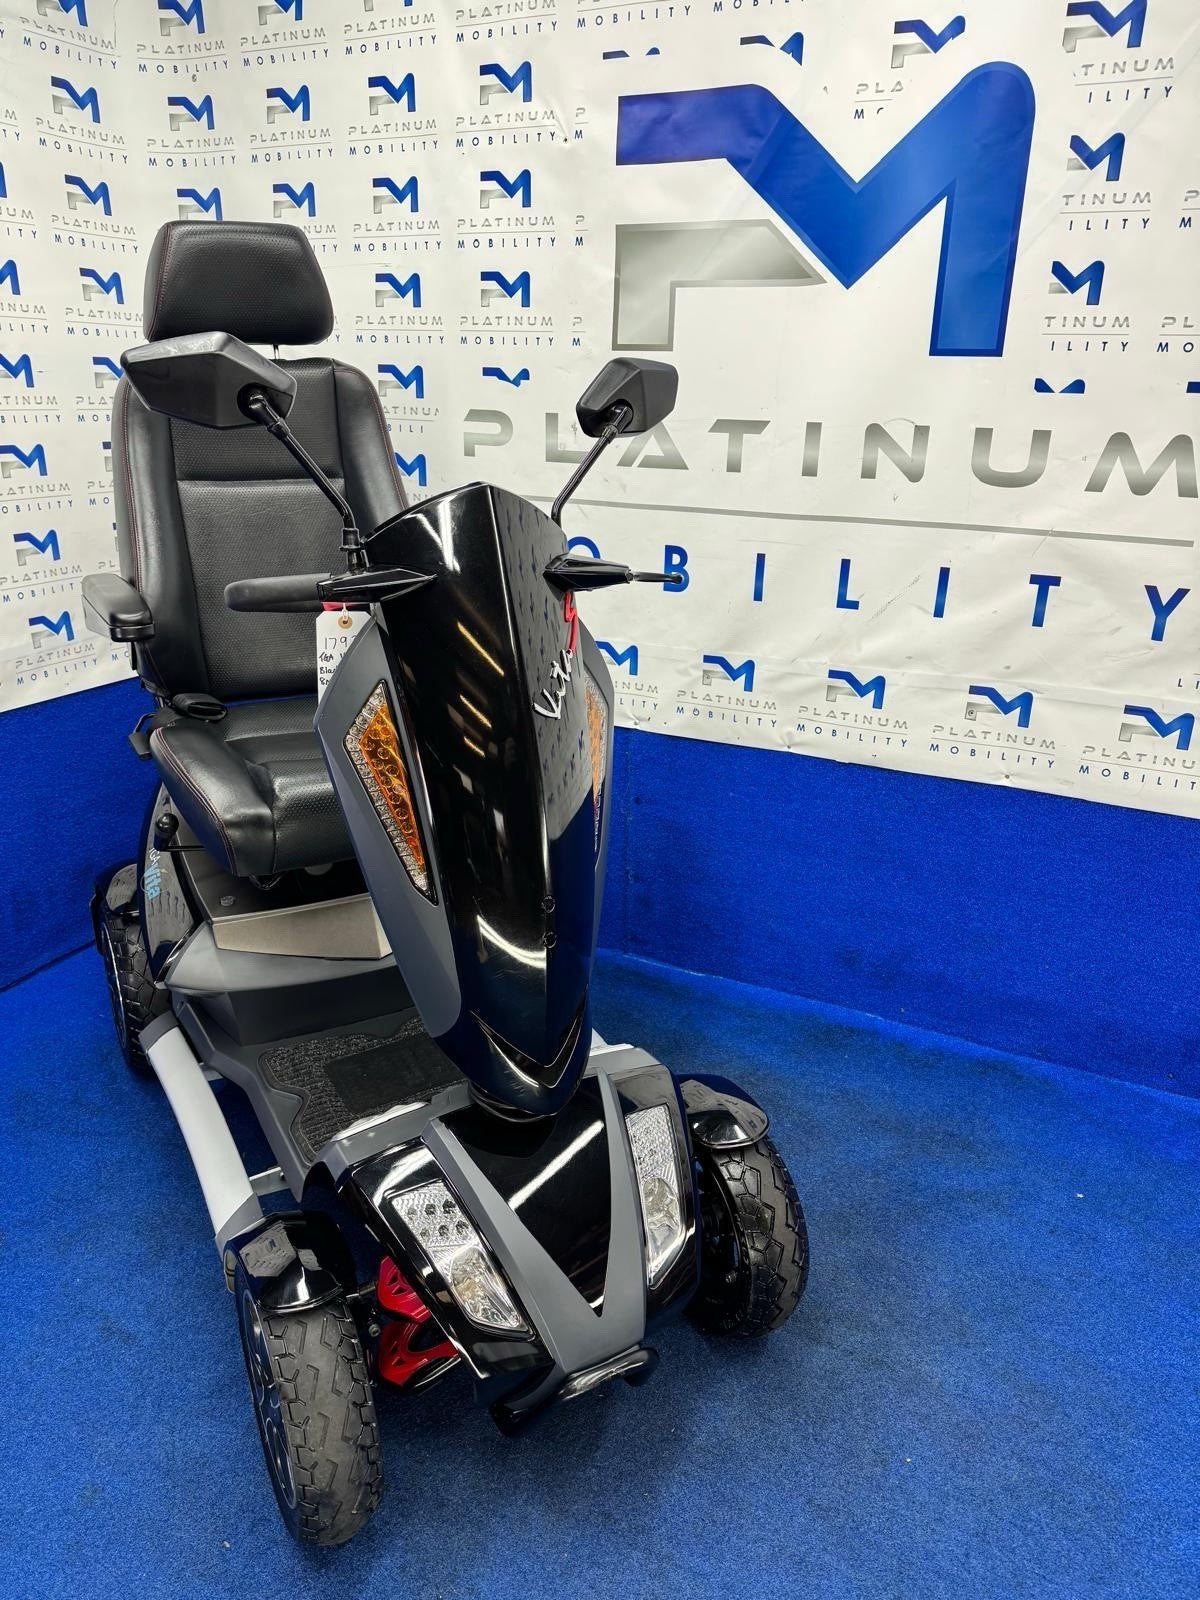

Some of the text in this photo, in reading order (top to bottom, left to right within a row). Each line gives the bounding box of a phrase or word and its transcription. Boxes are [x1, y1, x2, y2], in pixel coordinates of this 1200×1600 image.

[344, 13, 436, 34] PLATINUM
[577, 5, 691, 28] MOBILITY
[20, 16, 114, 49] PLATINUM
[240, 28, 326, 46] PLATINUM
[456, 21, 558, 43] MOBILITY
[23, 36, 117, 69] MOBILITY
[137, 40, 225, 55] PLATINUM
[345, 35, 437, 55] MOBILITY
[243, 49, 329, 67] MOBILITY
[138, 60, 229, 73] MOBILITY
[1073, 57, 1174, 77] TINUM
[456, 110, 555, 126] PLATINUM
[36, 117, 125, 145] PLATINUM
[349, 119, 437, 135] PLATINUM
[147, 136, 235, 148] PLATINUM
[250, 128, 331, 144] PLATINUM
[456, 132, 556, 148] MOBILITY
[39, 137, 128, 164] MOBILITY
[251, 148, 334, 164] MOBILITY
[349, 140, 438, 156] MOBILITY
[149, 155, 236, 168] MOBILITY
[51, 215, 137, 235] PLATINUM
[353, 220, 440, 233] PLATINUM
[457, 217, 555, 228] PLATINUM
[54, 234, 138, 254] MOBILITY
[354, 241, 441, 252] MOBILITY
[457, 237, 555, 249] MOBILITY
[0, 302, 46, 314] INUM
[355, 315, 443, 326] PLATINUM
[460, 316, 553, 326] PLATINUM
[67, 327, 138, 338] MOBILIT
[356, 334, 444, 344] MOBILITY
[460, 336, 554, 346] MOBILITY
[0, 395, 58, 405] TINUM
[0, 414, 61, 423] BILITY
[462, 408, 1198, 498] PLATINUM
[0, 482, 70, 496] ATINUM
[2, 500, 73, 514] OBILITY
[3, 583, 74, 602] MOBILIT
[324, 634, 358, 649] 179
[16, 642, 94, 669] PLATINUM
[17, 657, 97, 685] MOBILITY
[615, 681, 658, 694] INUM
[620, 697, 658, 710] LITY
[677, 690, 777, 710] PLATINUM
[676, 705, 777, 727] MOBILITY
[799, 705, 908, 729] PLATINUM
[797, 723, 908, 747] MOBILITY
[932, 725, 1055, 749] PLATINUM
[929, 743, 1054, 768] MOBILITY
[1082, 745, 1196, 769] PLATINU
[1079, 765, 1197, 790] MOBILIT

→ **What is being asked**: Restate each line above exactly, keeping pictures out.

→ **Response**:
Some of the text in this photo, in reading order (top to bottom, left to right within a row). Each line gives the bounding box of a phrase or word and its transcription. Boxes are [x1, y1, x2, y2], in pixel coordinates of this 1200×1600 image.

[344, 13, 436, 34] PLATINUM
[577, 5, 691, 28] MOBILITY
[20, 16, 114, 49] PLATINUM
[240, 28, 326, 46] PLATINUM
[456, 21, 558, 43] MOBILITY
[23, 36, 117, 69] MOBILITY
[137, 40, 225, 55] PLATINUM
[345, 35, 437, 55] MOBILITY
[243, 49, 329, 67] MOBILITY
[138, 60, 229, 73] MOBILITY
[1073, 57, 1174, 77] TINUM
[456, 110, 555, 126] PLATINUM
[36, 117, 125, 145] PLATINUM
[349, 119, 437, 135] PLATINUM
[147, 136, 235, 148] PLATINUM
[250, 128, 331, 144] PLATINUM
[456, 132, 556, 148] MOBILITY
[39, 137, 128, 164] MOBILITY
[251, 148, 334, 164] MOBILITY
[349, 140, 438, 156] MOBILITY
[149, 155, 236, 168] MOBILITY
[51, 215, 137, 235] PLATINUM
[353, 220, 440, 233] PLATINUM
[457, 217, 555, 228] PLATINUM
[54, 234, 138, 254] MOBILITY
[354, 241, 441, 252] MOBILITY
[457, 237, 555, 249] MOBILITY
[0, 302, 46, 314] INUM
[355, 315, 443, 326] PLATINUM
[460, 316, 553, 326] PLATINUM
[67, 327, 138, 338] MOBILIT
[356, 334, 444, 344] MOBILITY
[460, 336, 554, 346] MOBILITY
[0, 395, 58, 405] TINUM
[0, 414, 61, 423] BILITY
[462, 408, 1198, 498] PLATINUM
[0, 482, 70, 496] ATINUM
[2, 500, 73, 514] OBILITY
[3, 583, 74, 602] MOBILIT
[324, 634, 358, 649] 179
[16, 642, 94, 669] PLATINUM
[17, 657, 97, 685] MOBILITY
[615, 681, 658, 694] INUM
[620, 697, 658, 710] LITY
[677, 690, 777, 710] PLATINUM
[676, 705, 777, 727] MOBILITY
[799, 705, 908, 729] PLATINUM
[797, 723, 908, 747] MOBILITY
[932, 725, 1055, 749] PLATINUM
[929, 743, 1054, 768] MOBILITY
[1082, 745, 1196, 769] PLATINU
[1079, 765, 1197, 790] MOBILIT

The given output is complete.